Элиас Канетти, писатель, в отличие от Франца Кафки, увенчанный Нобелевской премией и преследующей его посмертно на своих страницах, написал в 1975 году: «Из всего безграничного у него осталось одно-единственное: терпение. А все новое должно порождаться нетерпением».

Правда, имени Кафки при этом Канетти не упоминает, но написано это словно для посредственного сборника афоризмов и настолько неверно, что возникает подозрение: а того ли Франца Кафку читал Элиас Канетти? И о том ли «Другом процессе» писал он? Внимательно собирает он мозаику из писем Кафки к Филиции Бауэр — зернышко к зернышку, число к числу. Спасибо, хотя компьютер справился бы с этим не хуже. Возбужденный этой многостраничной книгой, Канетти нетерпеливо рвется к ее концу, повторяясь вслед за героем, а что может быть естественнее — один писатель разговаривает с другим. Но нет, следует поскорее явить миру открытие: «другой процесс» — прародитель «Процесса». Одной полуправдой больше, одной правдой меньше. Да не будем мы столь наивны, как:

обвинитель: Сосуд наполовину пуст.

защитник: Нет, сосуд наполовину полон.

Глава вторая
ФЕМА

Некоторые исследователи (в частности — Клаус Вагенбах) с восторгом повествуют о гордом и достойном поведении в эпизоде 1896-1699, когда по окончании заседания общества «Досуг коллег по Старгородской гимназии» все, стоя, запели «Стражу на Рейне», а он и Гуго Бергман остались сидеть. И, по всей видимости, не так это было просто — в столь юном возрасте (15 лет!) противостоять стадному инстинкту соучеников, открыто выступить против, мало того — быть выставленным с собрания (уж не с помощью ли применения физической силы?).

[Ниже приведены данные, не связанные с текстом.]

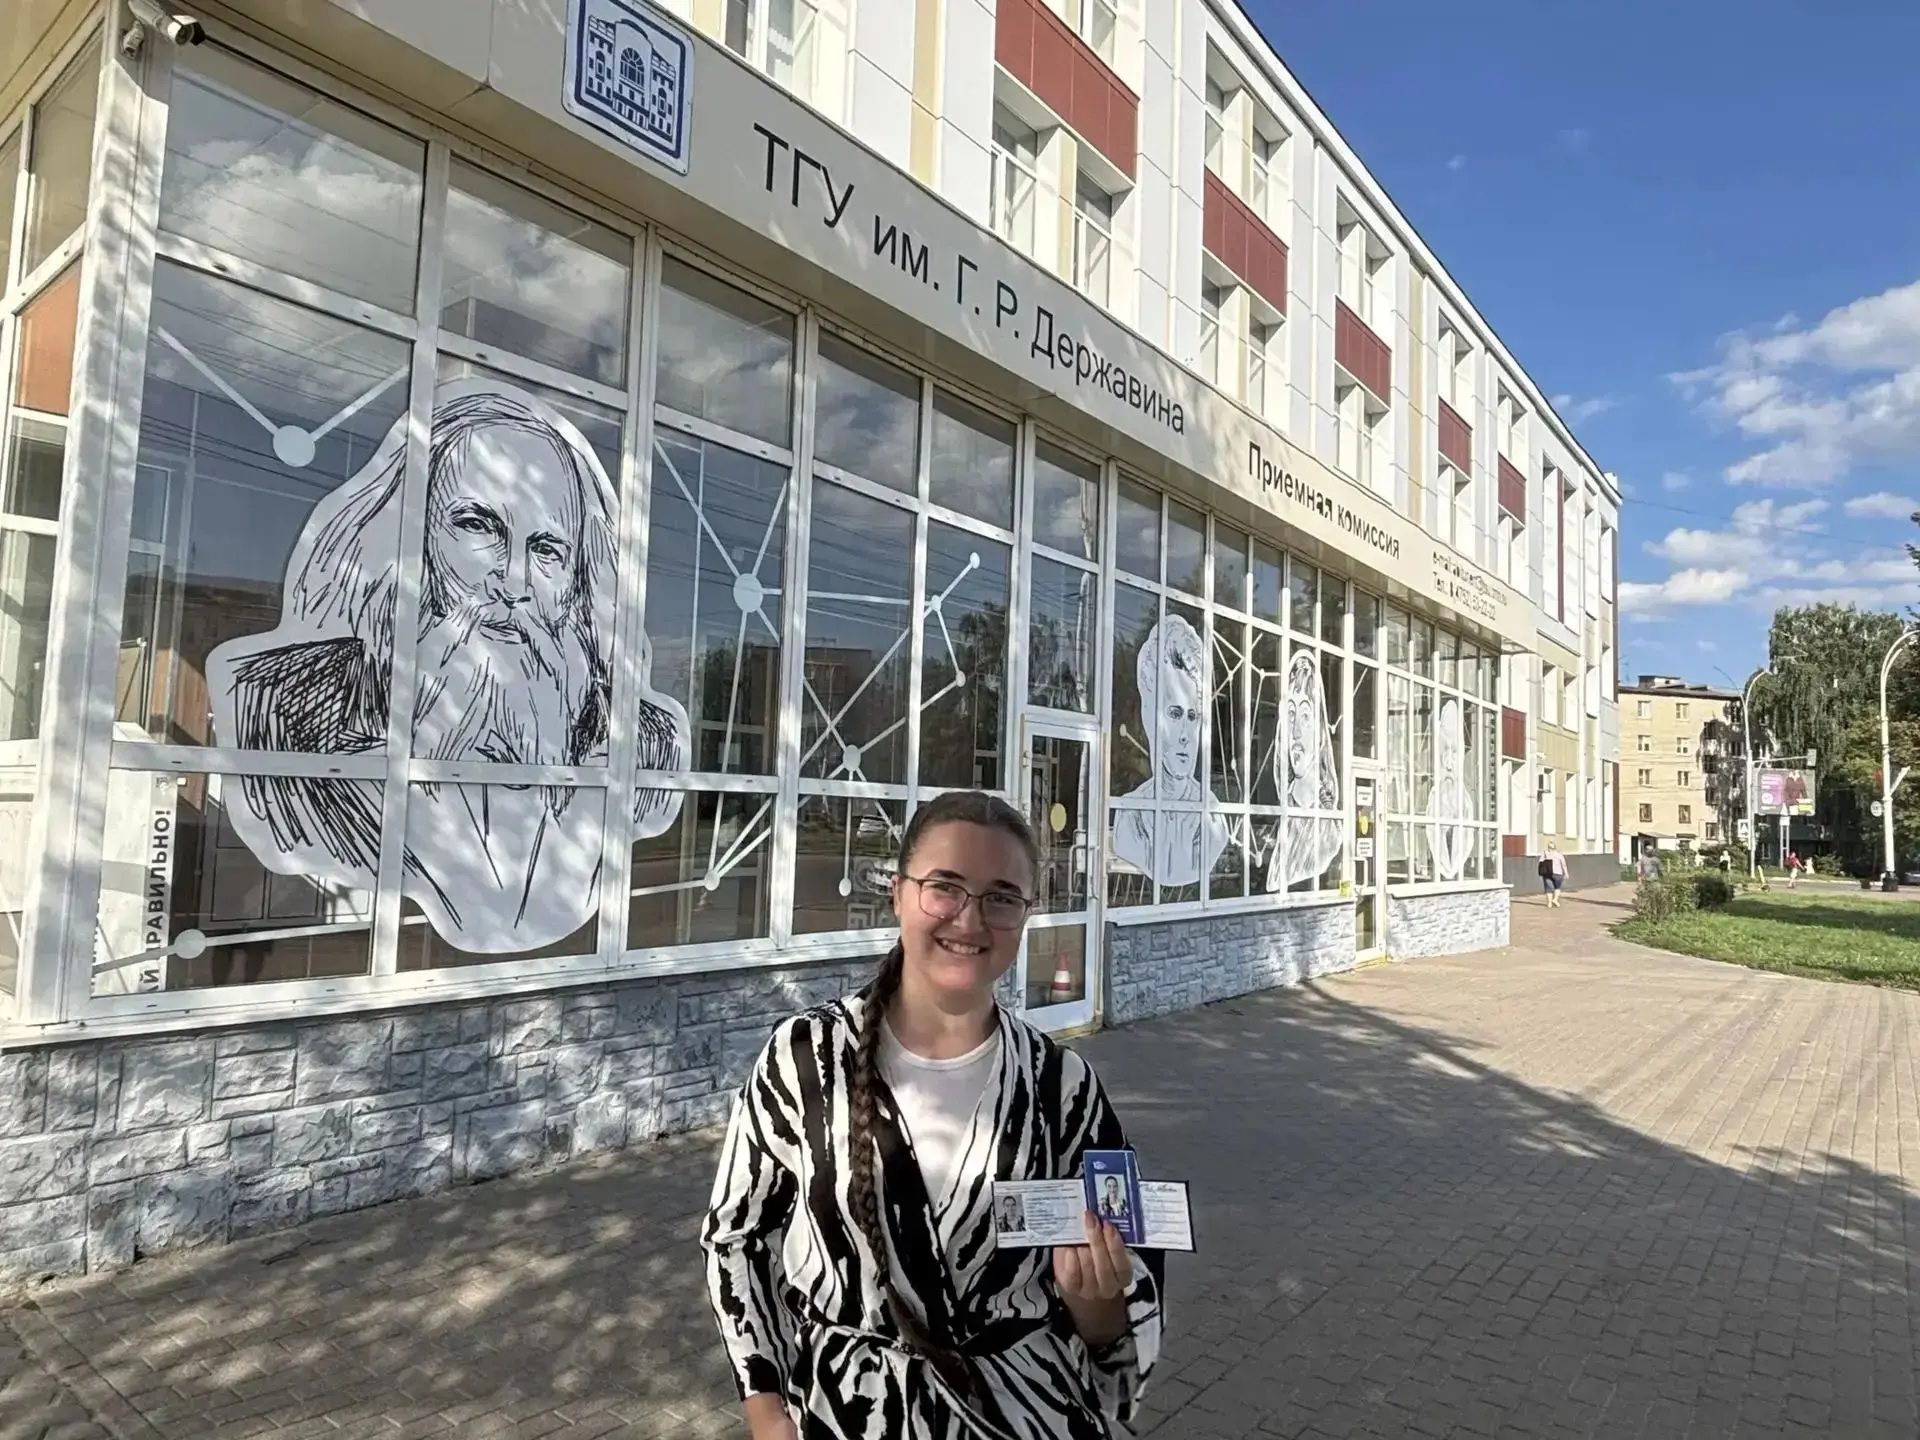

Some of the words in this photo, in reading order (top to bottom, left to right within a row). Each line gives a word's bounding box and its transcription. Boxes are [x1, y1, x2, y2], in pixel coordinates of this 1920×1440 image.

Всегда глубоко переживавший в душе абсолютно все события жизни, юноша при той ситуации, в той среде и при «арийской» системе образования не мог, конечно, не вспомнить о «ФЕМЕ» — тайном судилище средневековой Германии, приговаривающем неугодных к смерти и тайно же их казнящем.

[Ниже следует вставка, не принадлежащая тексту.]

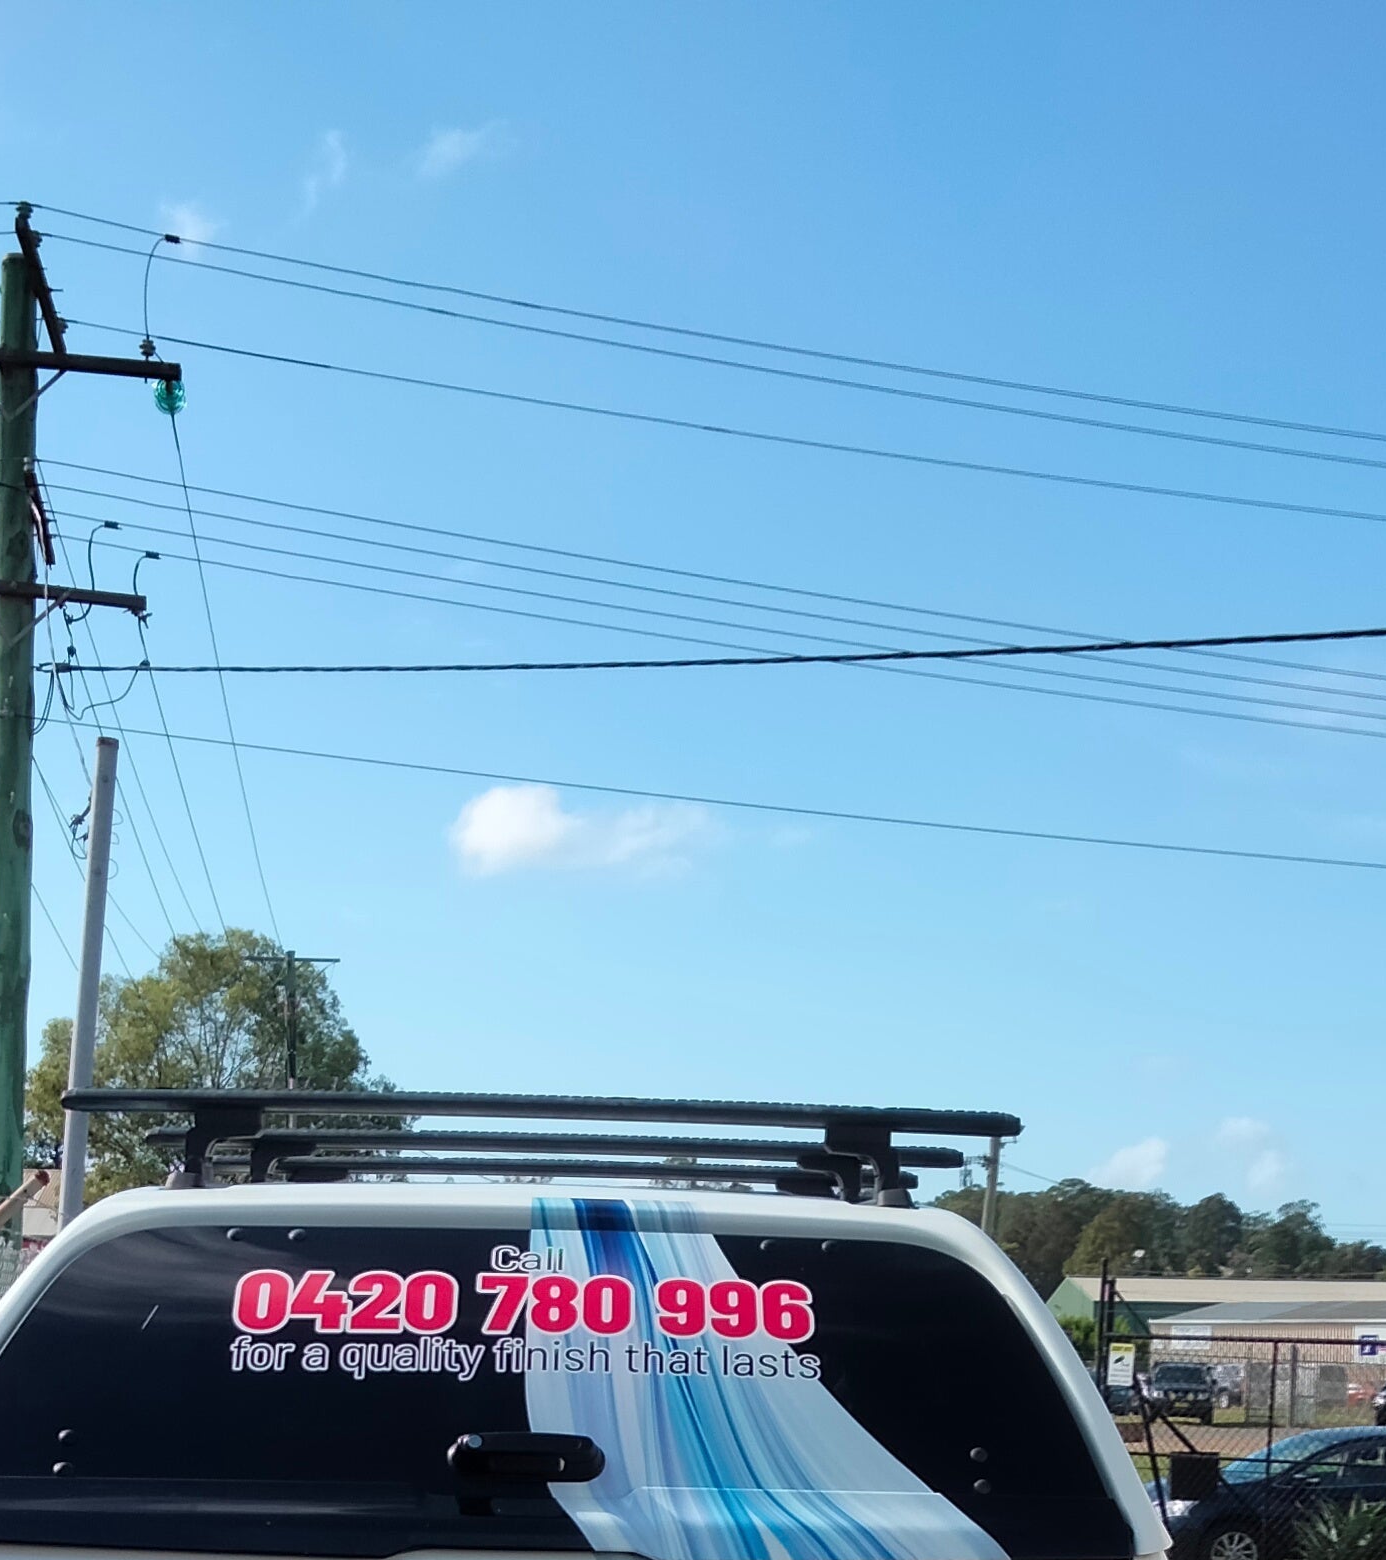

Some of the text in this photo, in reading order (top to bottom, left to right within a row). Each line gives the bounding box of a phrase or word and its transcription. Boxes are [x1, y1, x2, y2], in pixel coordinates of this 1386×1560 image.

[491, 1245, 565, 1272] Call
[232, 1268, 815, 1343] 0420 780 996
[229, 1336, 822, 1381] for a quality finish that lasts

Думаю, одного этого воспоминания Кафке вполне хватило бы для замысла романа «Процесс». Оставалось наполнить его юридическими авуарами, реалиями чиновничьей жизни — служебной и приватной, загадками притчи и поистине гениальной идеей мафиозной организации общества и государства.

Вряд ли, прежде чем выстраивать с 1931 года структуру американского «Синдиката Преступников» («Коза Ностра»), хотя бы один из организовывавших его вычитал эту идею из напечатанного в 1925 году в Германии романа «Процесс». Но тотальная сеть всеохватывающего страха в считанные годы, словно по сценарию романа, накрыла страну и затем — за несколько десятилетий — множество стран мира. Тоталитарные государства (Германия, Советский Союз) легализовали ФЕМУ и с еще большим успехом запустили в обиход процесс «Процессов».

По какому-то недосмотру, на самом излете развенчания культа личности в 1965 году, неизвестным, но явно скромным тиражом выпустили у нас черный томик избранных произведений Франца Кафки, включивший и роман «Процесс». Я предполагаю, что и издан-то он был по недосмотру какого-то ленивого, не приверженному курсу развенчания культа цензора, вычитавшего благостную картину «ареста» в первой главе и решившего: «А! Пусть его. Мы про такие чекистские нежности и не слыхивали». Четверть столетий еще орудовала ФЕМА КГБ с тем, чтобы, якобы, растаяв с перестройкой, передать свои прерогативы мафии классического капиталистического общества на просторах Восточной Европы.

Строгая иерархия и дисциплина, вертикальная и горизонтальная, пронизавшая общество неукоснительная последовательность и жестокость.

Закон всеобщего молчания «омерта» — новая, еще не вошедшая в учебники форма государственного устройства, получила гениального угадчика, Франца Кафку. И в этом плане нельзя отделаться от мысли, что поэтов читать полезно, они задолго до видимого проявления, как обитатели темных морских глубин — землетрясение, предугадывают общественные катаклизмы. Попробуем сделать краткий конспект выстроенной автором мафиозной организации. Кто же эти люди? О чем они говорят? Из какого они ведомства? Ведь К. живет в правовом государстве, всюду царит мир, все законы незыблемы, кто же смеет нападать на него в его собственном жилище?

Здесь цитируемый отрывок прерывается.